**Free-text object descriptions:**

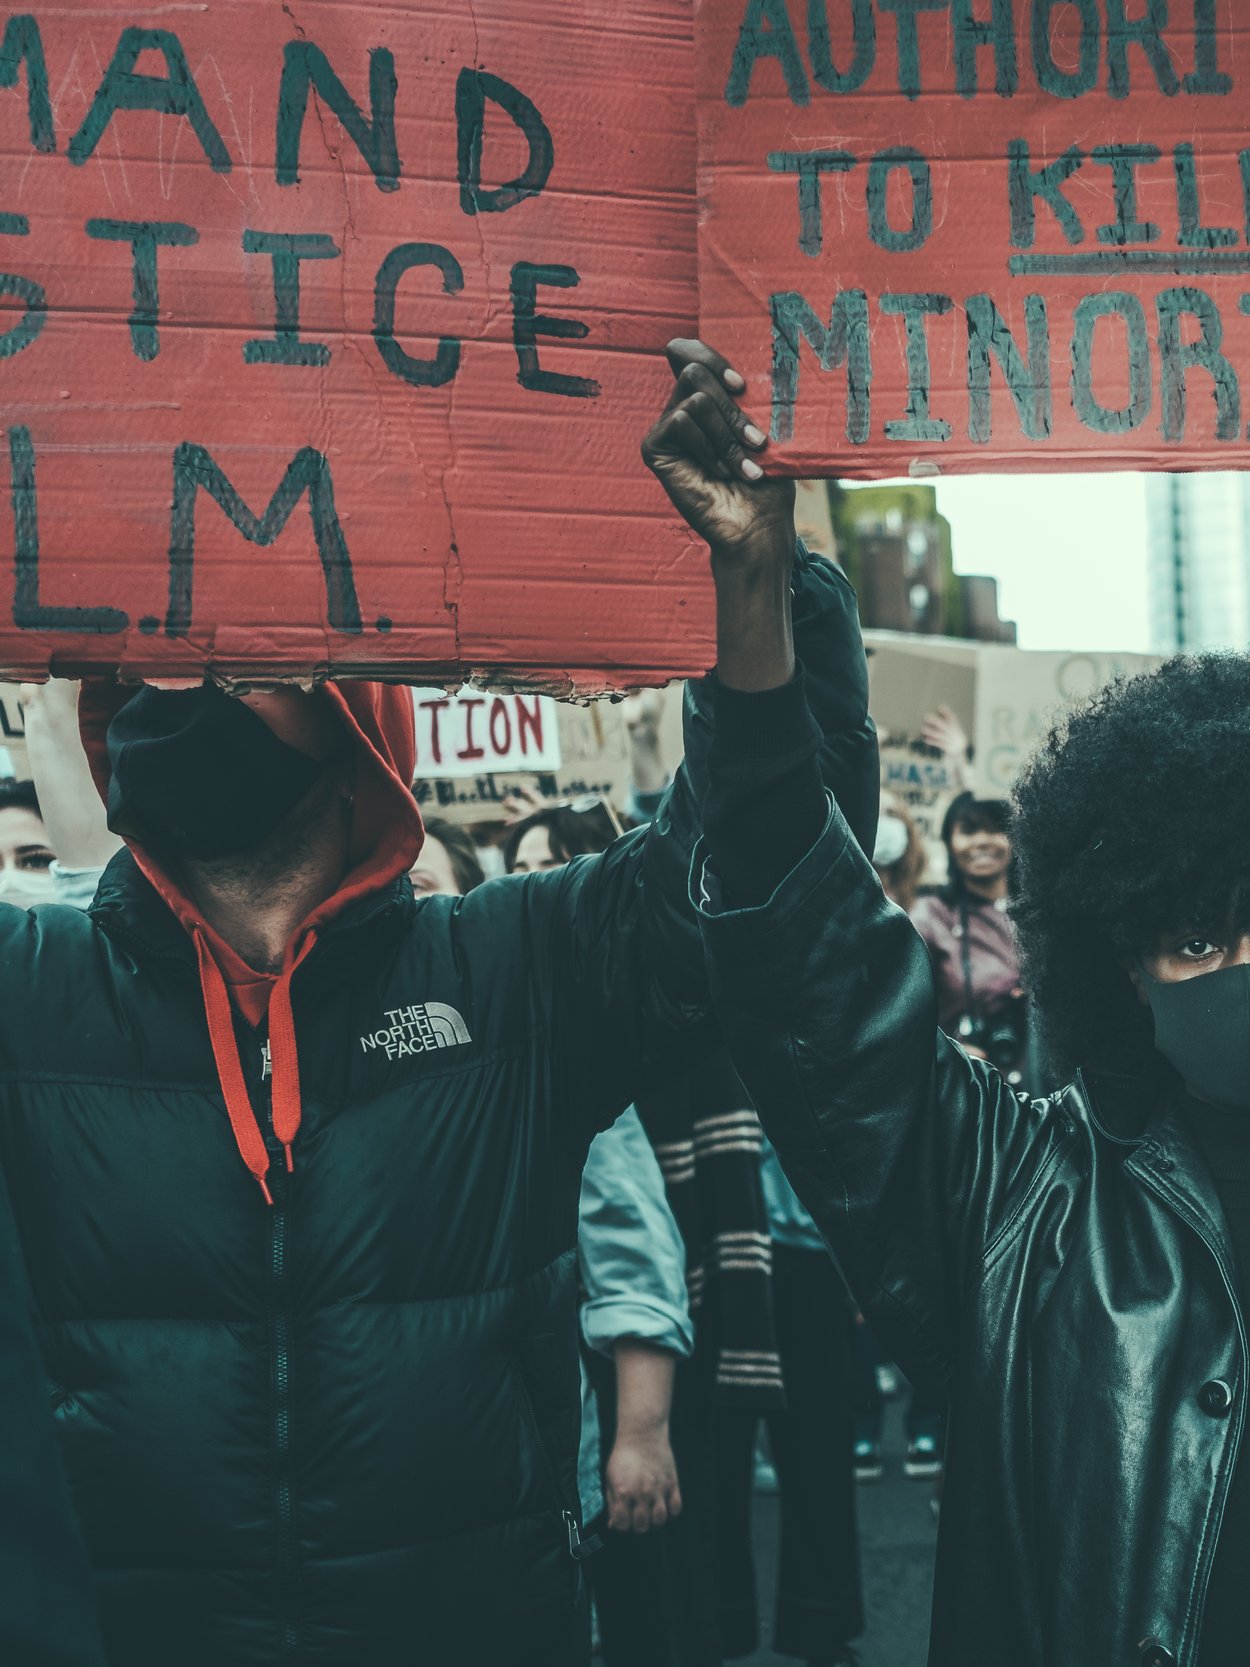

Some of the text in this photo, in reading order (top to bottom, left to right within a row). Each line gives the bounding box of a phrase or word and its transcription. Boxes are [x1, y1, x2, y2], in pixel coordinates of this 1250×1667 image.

[767, 145, 933, 257] TO
[384, 1004, 428, 1026] THE
[360, 1018, 433, 1053] NORTH
[385, 1034, 438, 1061] FACE
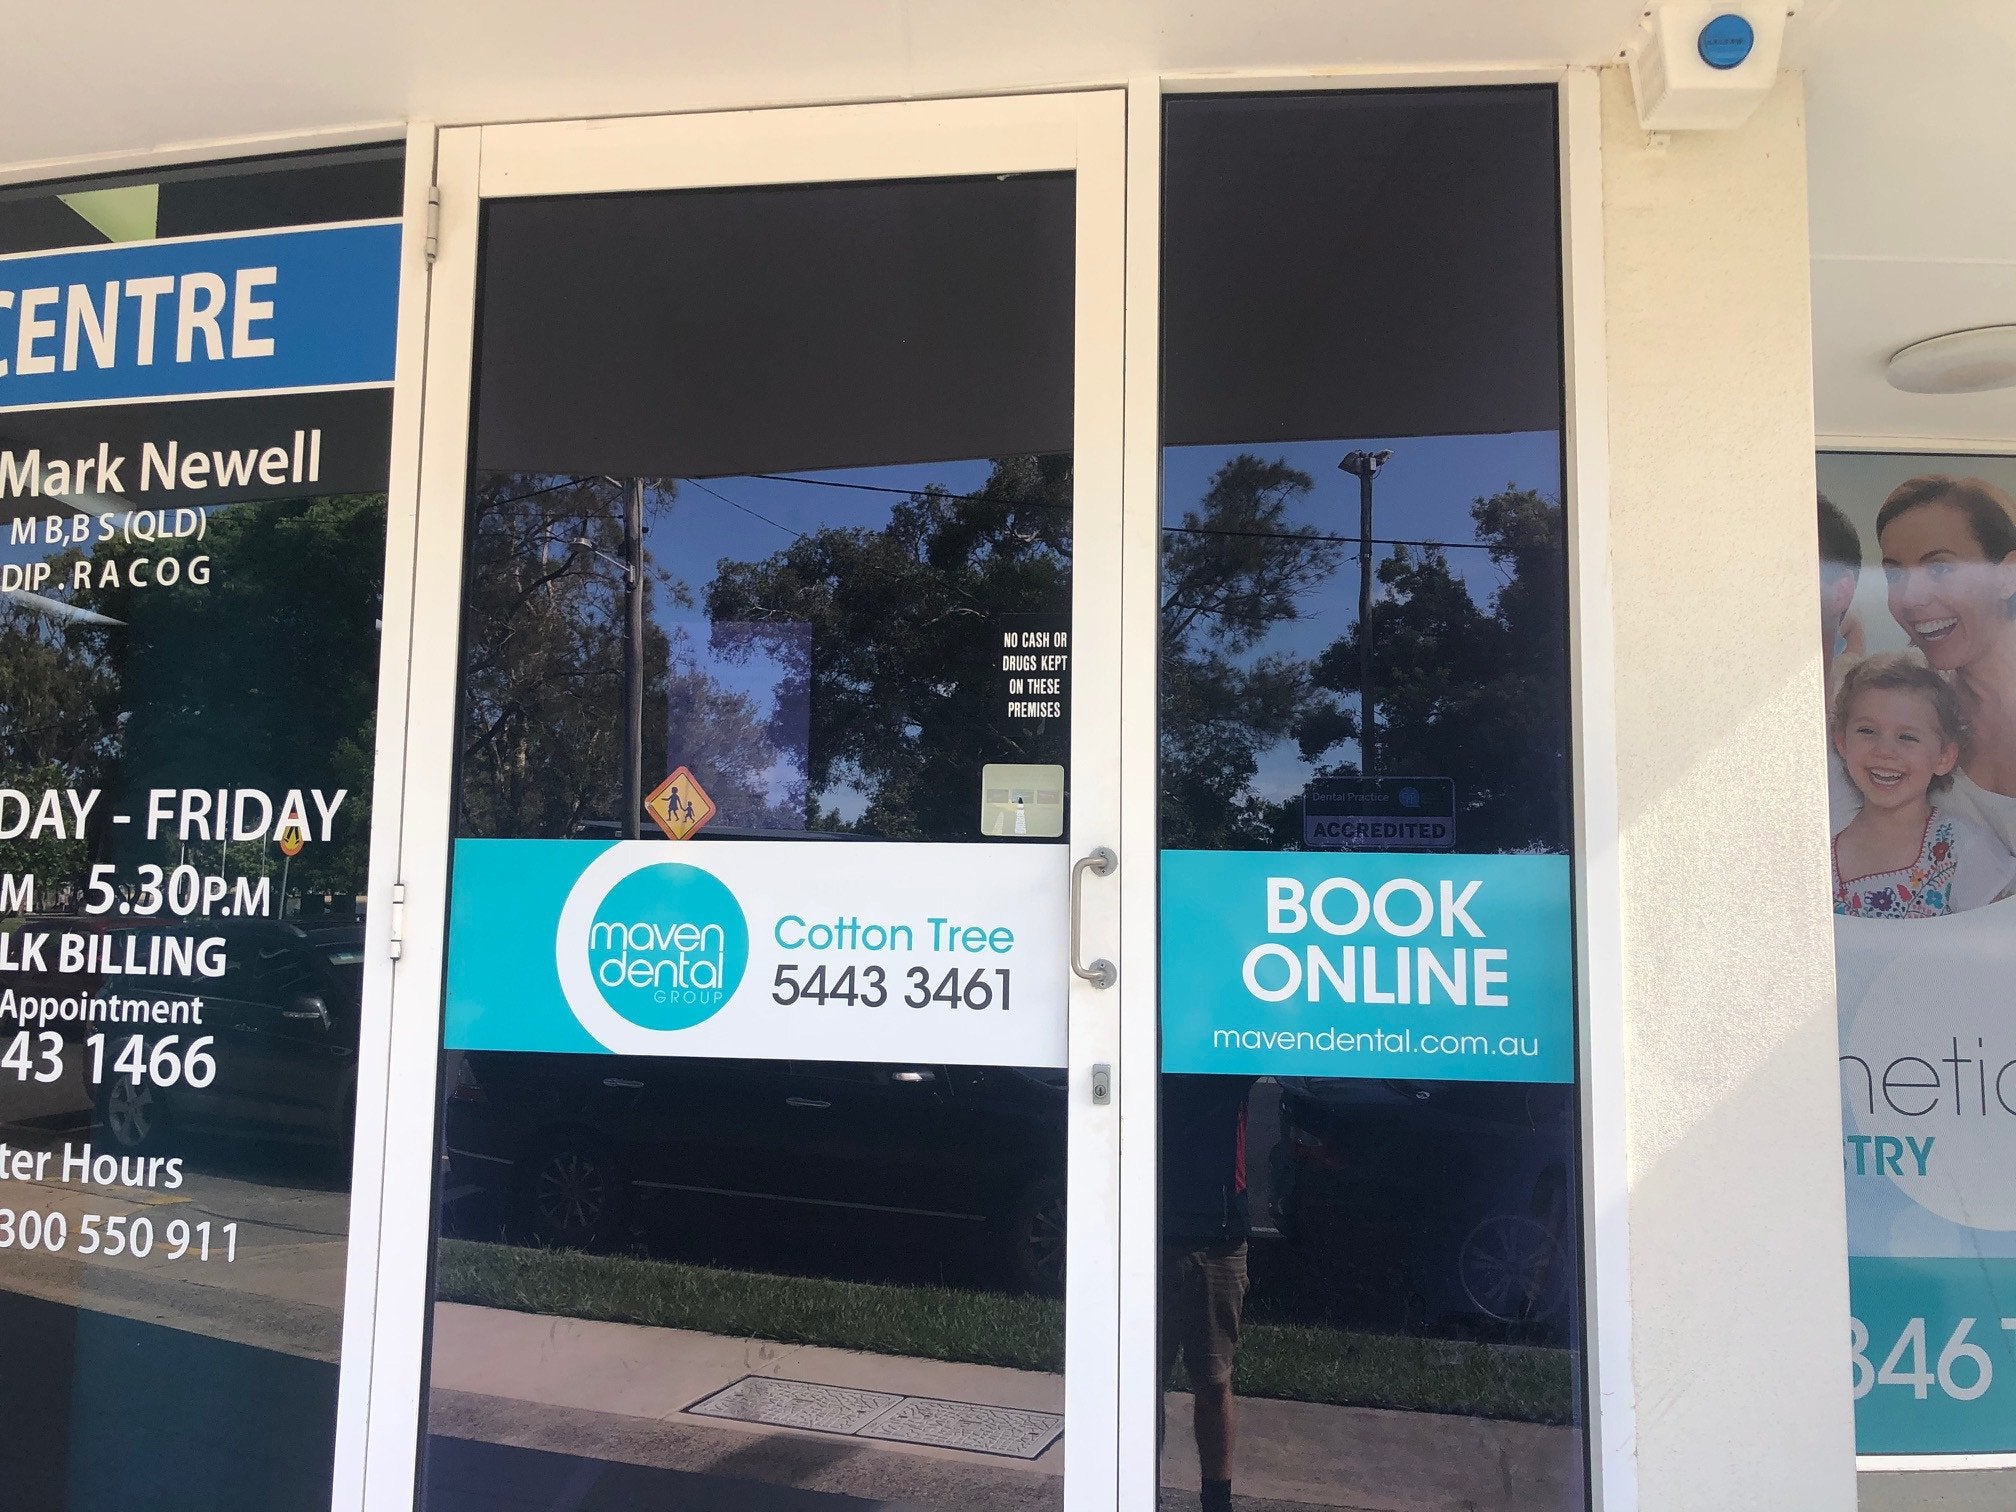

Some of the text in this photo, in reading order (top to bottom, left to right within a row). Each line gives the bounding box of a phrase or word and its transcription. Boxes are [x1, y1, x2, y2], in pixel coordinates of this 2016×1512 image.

[0, 429, 322, 499] Mark Newell
[124, 507, 207, 545] (QLD)
[1003, 632, 1067, 648] NO CASH OR
[1002, 655, 1068, 671] DRUGS KEPT
[1009, 678, 1060, 694] ON THESE
[1008, 702, 1061, 718] PREMISES
[0, 789, 101, 840] DAY
[147, 788, 348, 842] FRIDAY
[1312, 792, 1345, 803] Dental
[1348, 792, 1390, 803] Practice
[1313, 822, 1446, 839] ACCREDITED
[1266, 877, 1486, 938] BOOK
[590, 921, 725, 951] maven
[774, 915, 1015, 953] Cotton Tree
[0, 932, 226, 977] LK BILLING
[599, 951, 724, 989] dental
[772, 964, 1011, 1010] 5443 3461
[1242, 943, 1508, 1007] ONLINE
[0, 988, 204, 1027] Appointment
[653, 990, 724, 1004] GROUP
[1, 1031, 217, 1088] 43 1466
[1213, 1027, 1539, 1057] mavendental.com.au
[62, 1143, 184, 1189] Hours
[1843, 1134, 1936, 1177] TRY
[0, 1208, 238, 1263] 300 550 911
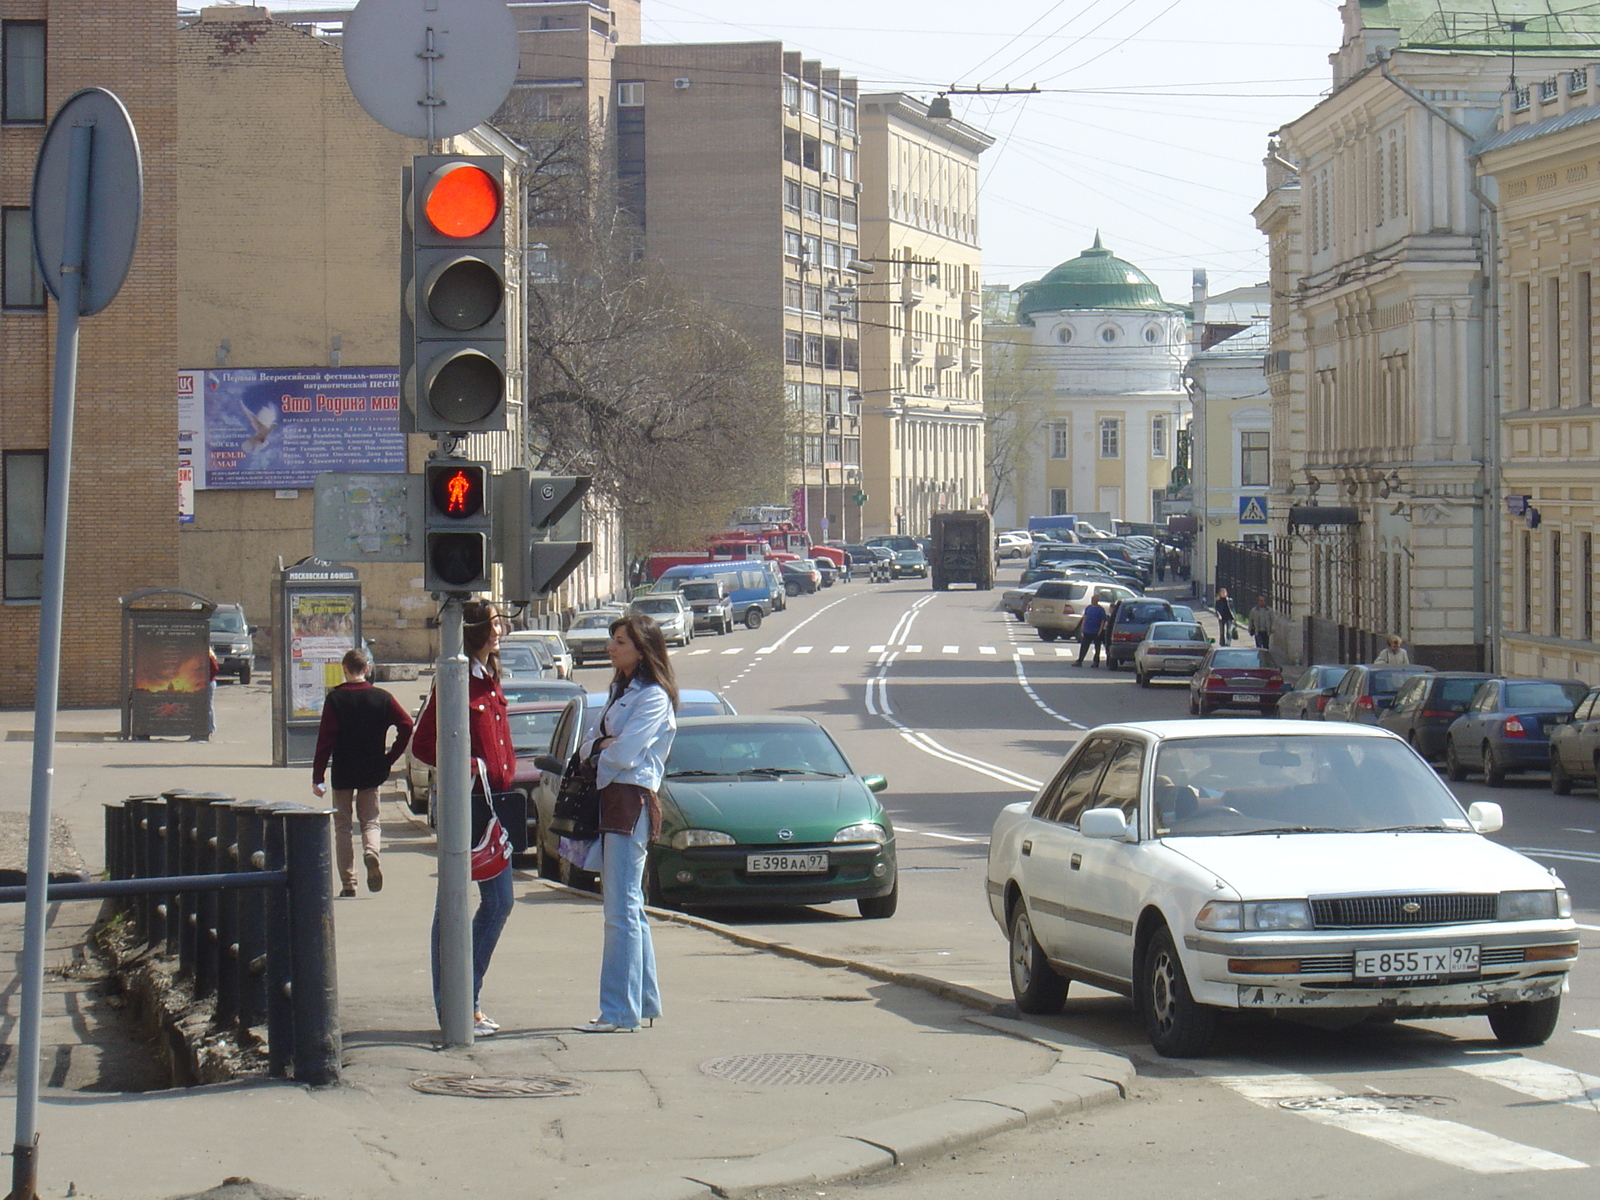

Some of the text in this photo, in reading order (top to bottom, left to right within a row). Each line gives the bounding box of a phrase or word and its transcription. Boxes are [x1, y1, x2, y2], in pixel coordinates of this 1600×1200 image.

[222, 373, 257, 383] Первый
[260, 372, 320, 383] Всероссийский
[303, 382, 367, 390] патриотической
[282, 394, 400, 415] Это Родина моя
[289, 572, 329, 580] МОСКОВСКАЯ
[1453, 947, 1473, 963] 97

**Exercise directions:** Please repeat all of the entries above word for word, but drop any pictures.

**Task response:**
Some of the text in this photo, in reading order (top to bottom, left to right within a row). Each line gives the bounding box of a phrase or word and its transcription. Boxes are [x1, y1, x2, y2], in pixel coordinates of this 1250×1667 image.

[767, 145, 933, 257] TO
[384, 1004, 428, 1026] THE
[360, 1018, 433, 1053] NORTH
[385, 1034, 438, 1061] FACE

Some of the text in this photo, in reading order (top to bottom, left to right within a row). Each line gives the bounding box of a phrase or word and its transcription. Boxes are [x1, y1, x2, y2], in pixel coordinates of this 2016×1512 image.

[0, 429, 322, 499] Mark Newell
[124, 507, 207, 545] (QLD)
[1003, 632, 1067, 648] NO CASH OR
[1002, 655, 1068, 671] DRUGS KEPT
[1009, 678, 1060, 694] ON THESE
[1008, 702, 1061, 718] PREMISES
[0, 789, 101, 840] DAY
[147, 788, 348, 842] FRIDAY
[1312, 792, 1345, 803] Dental
[1348, 792, 1390, 803] Practice
[1313, 822, 1446, 839] ACCREDITED
[1266, 877, 1486, 938] BOOK
[590, 921, 725, 951] maven
[774, 915, 1015, 953] Cotton Tree
[0, 932, 226, 977] LK BILLING
[599, 951, 724, 989] dental
[772, 964, 1011, 1010] 5443 3461
[1242, 943, 1508, 1007] ONLINE
[0, 988, 204, 1027] Appointment
[653, 990, 724, 1004] GROUP
[1, 1031, 217, 1088] 43 1466
[1213, 1027, 1539, 1057] mavendental.com.au
[62, 1143, 184, 1189] Hours
[1843, 1134, 1936, 1177] TRY
[0, 1208, 238, 1263] 300 550 911

Some of the text in this photo, in reading order (top to bottom, left to right within a row). Each line gives the bounding box of a phrase or word and its transcription. Boxes are [x1, y1, x2, y2], in pixel coordinates of this 1600×1200 image.

[222, 373, 257, 383] Первый
[260, 372, 320, 383] Всероссийский
[303, 382, 367, 390] патриотической
[282, 394, 400, 415] Это Родина моя
[289, 572, 329, 580] МОСКОВСКАЯ
[1453, 947, 1473, 963] 97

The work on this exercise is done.